● DESCRIPTION OF THE TASK: Could you transcribe the records below exactly, leaving out every picture?

=== EXERCISE DATA ===

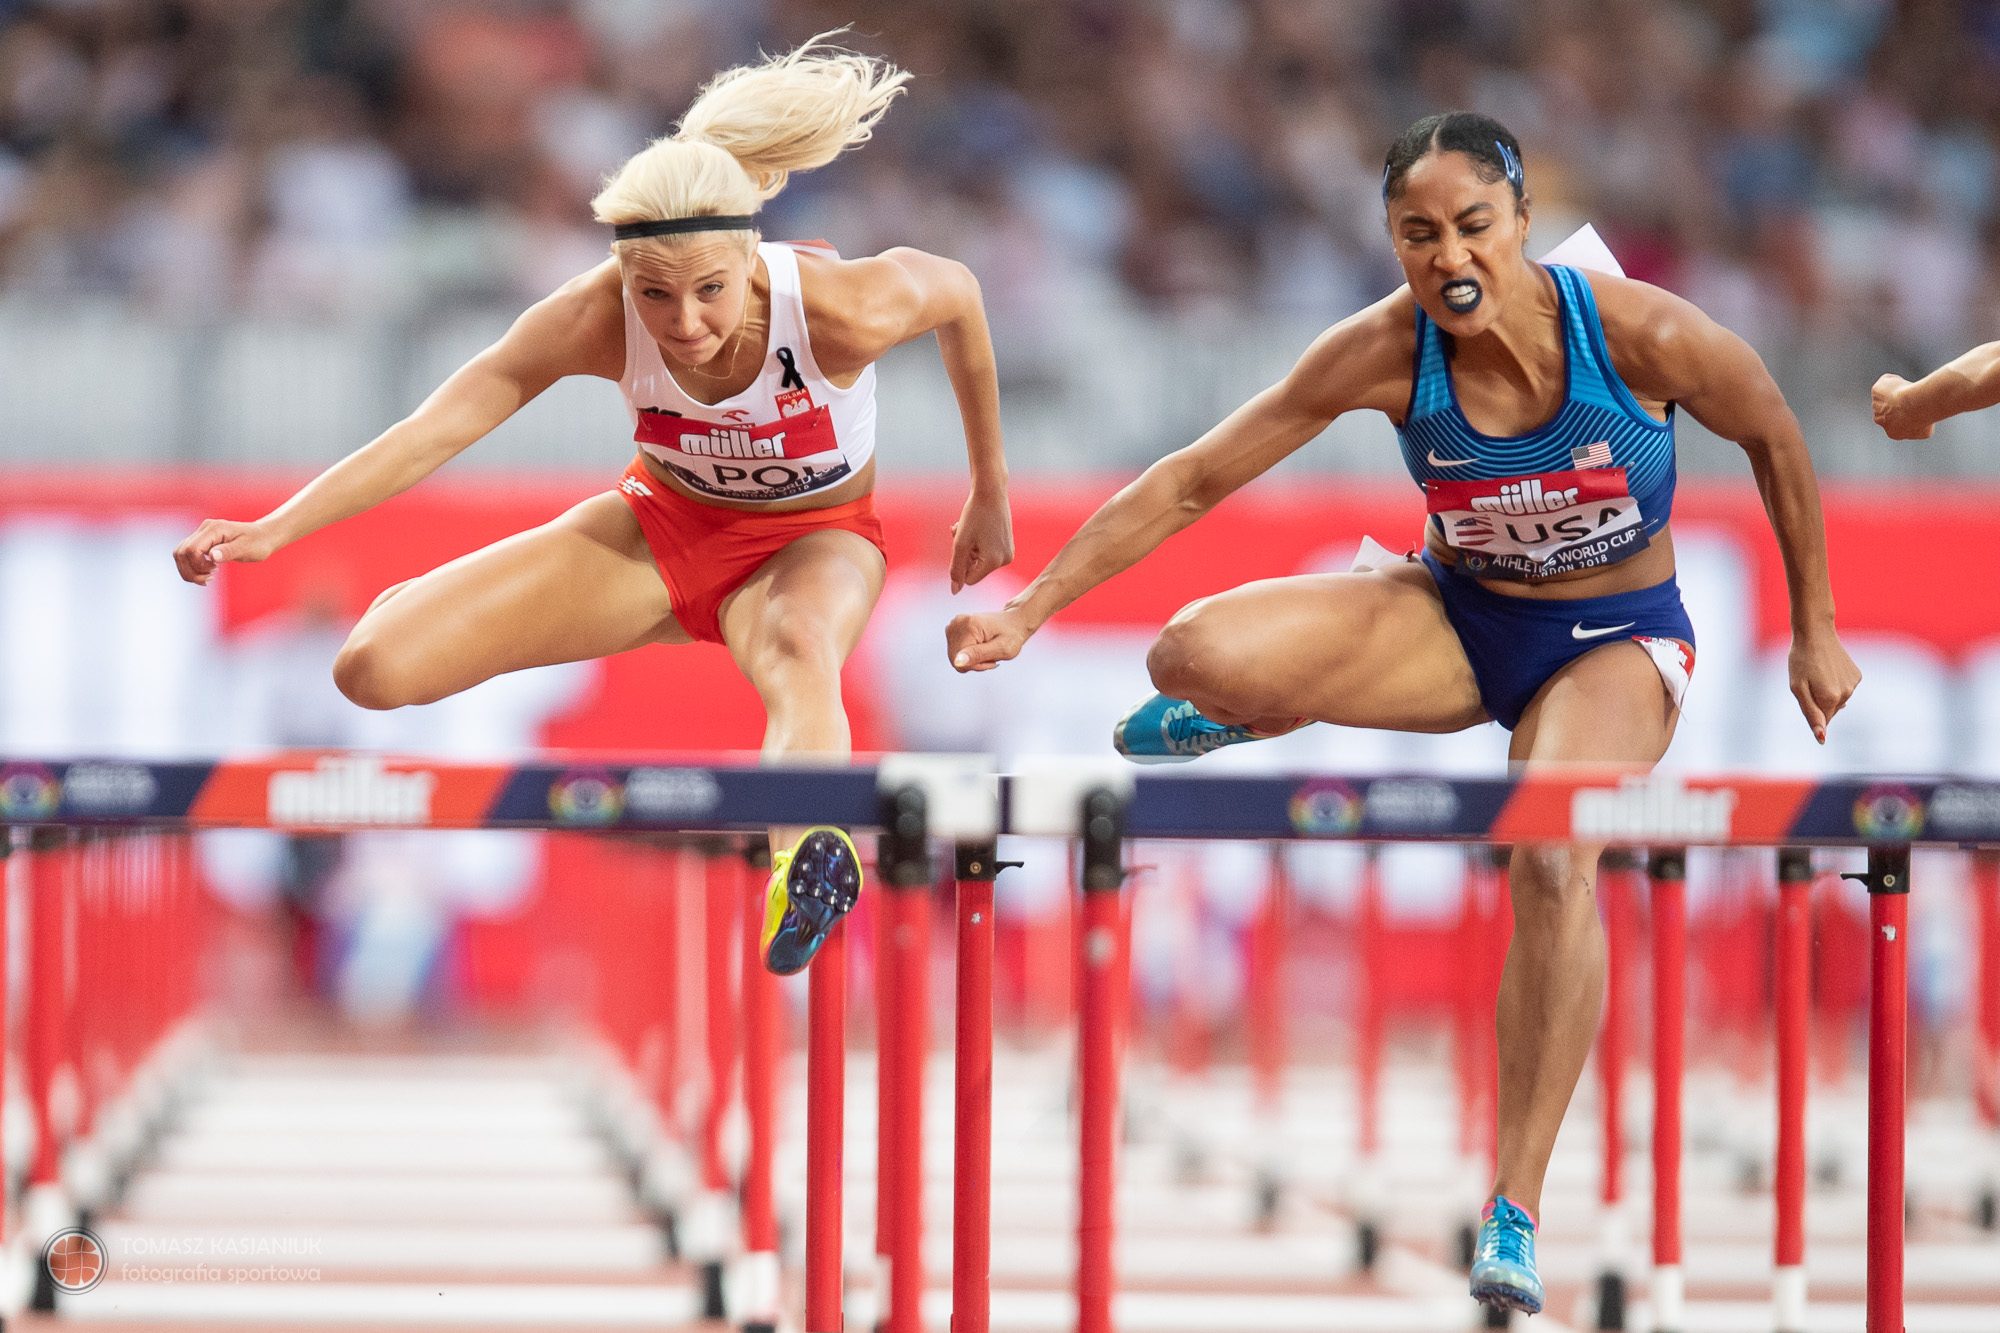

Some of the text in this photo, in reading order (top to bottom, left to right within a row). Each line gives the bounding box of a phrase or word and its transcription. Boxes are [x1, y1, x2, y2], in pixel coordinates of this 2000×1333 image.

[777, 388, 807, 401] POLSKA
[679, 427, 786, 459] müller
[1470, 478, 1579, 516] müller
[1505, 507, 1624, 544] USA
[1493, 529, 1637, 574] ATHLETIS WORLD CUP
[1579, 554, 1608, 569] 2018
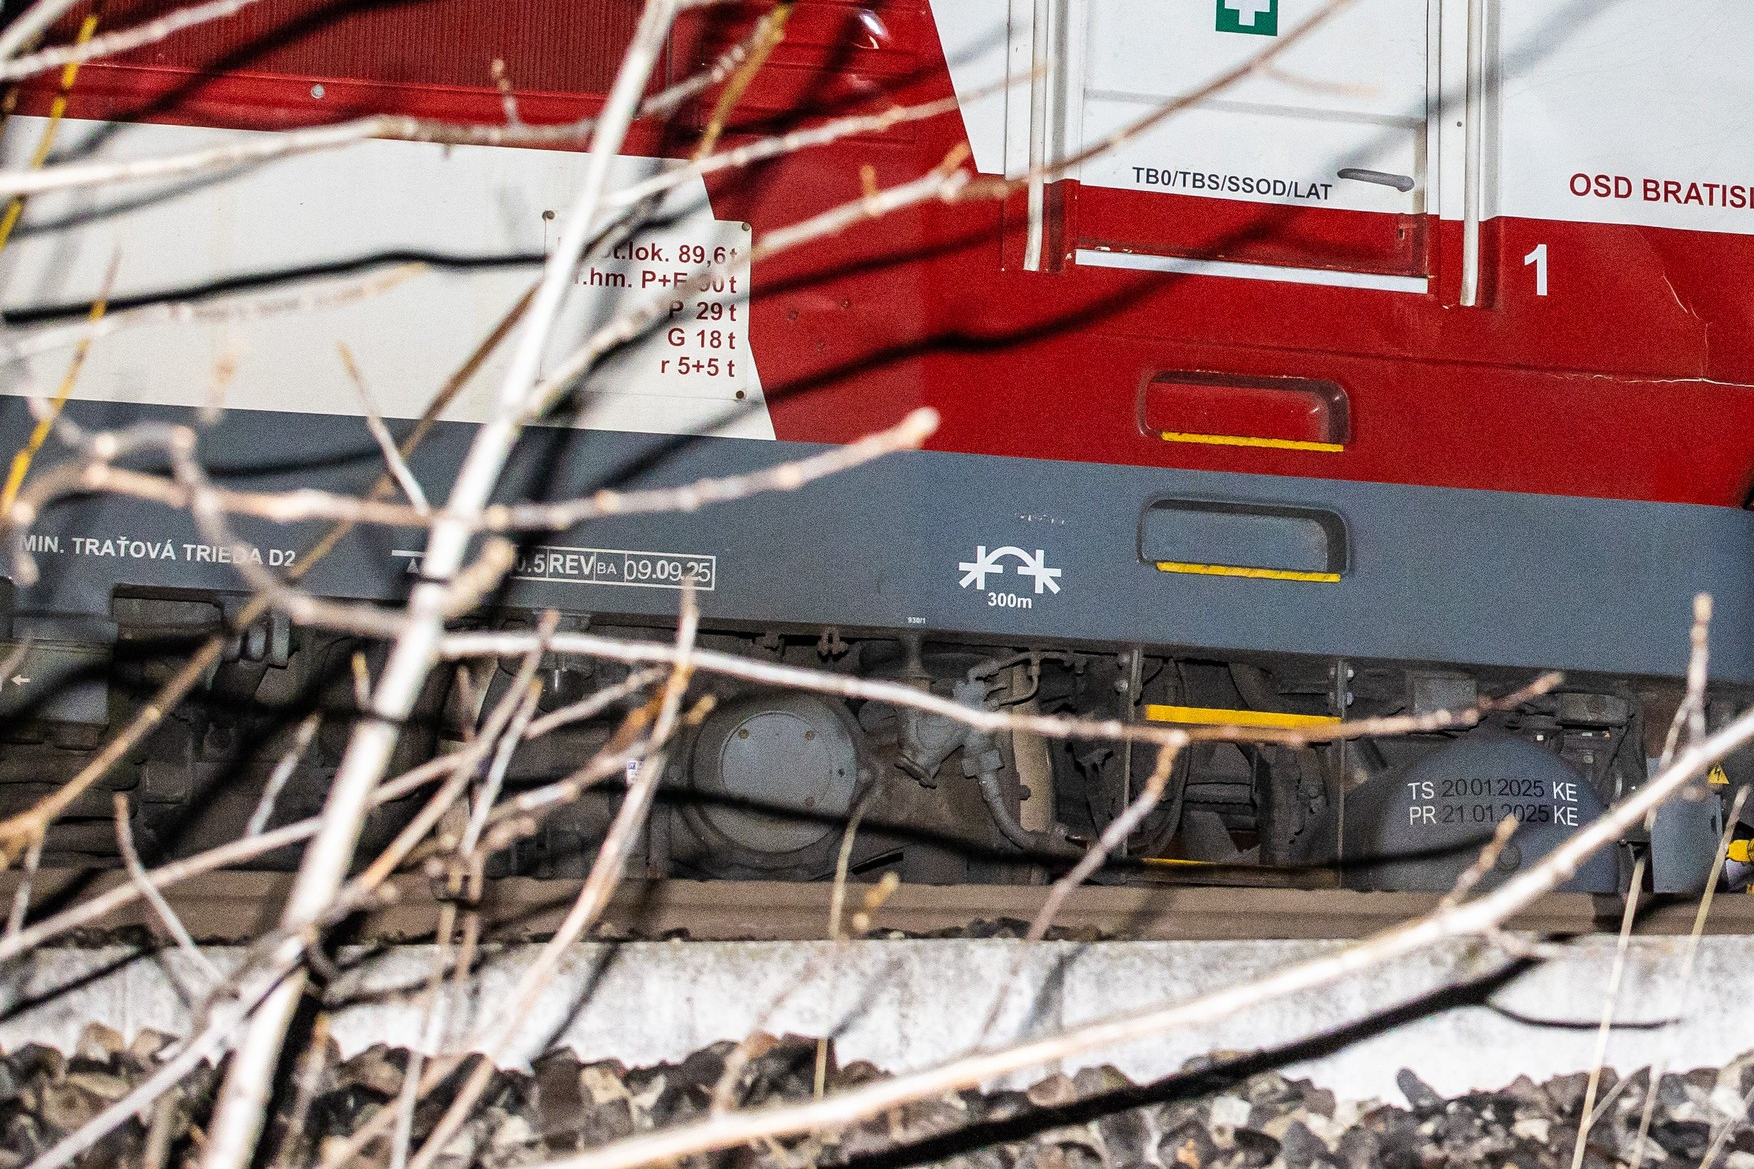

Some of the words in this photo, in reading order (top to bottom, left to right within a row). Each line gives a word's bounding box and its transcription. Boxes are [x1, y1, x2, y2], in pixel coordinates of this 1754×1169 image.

===

● ANSWER BOX:
Some of the text in this photo, in reading order (top to bottom, left to right within a row). Each line gives the bounding box of a phrase or word and its transcription. Boxes are [x1, y1, x2, y2], in pixel coordinates of this 2000×1333 image.

[777, 388, 807, 401] POLSKA
[679, 427, 786, 459] müller
[1470, 478, 1579, 516] müller
[1505, 507, 1624, 544] USA
[1493, 529, 1637, 574] ATHLETIS WORLD CUP
[1579, 554, 1608, 569] 2018

Some of the words in this photo, in reading order (top to bottom, left to right within a row). Each line gives a word's bounding box and its transcription. Boxes are [x1, y1, x2, y2], in pixel coordinates of this 1754×1169 image.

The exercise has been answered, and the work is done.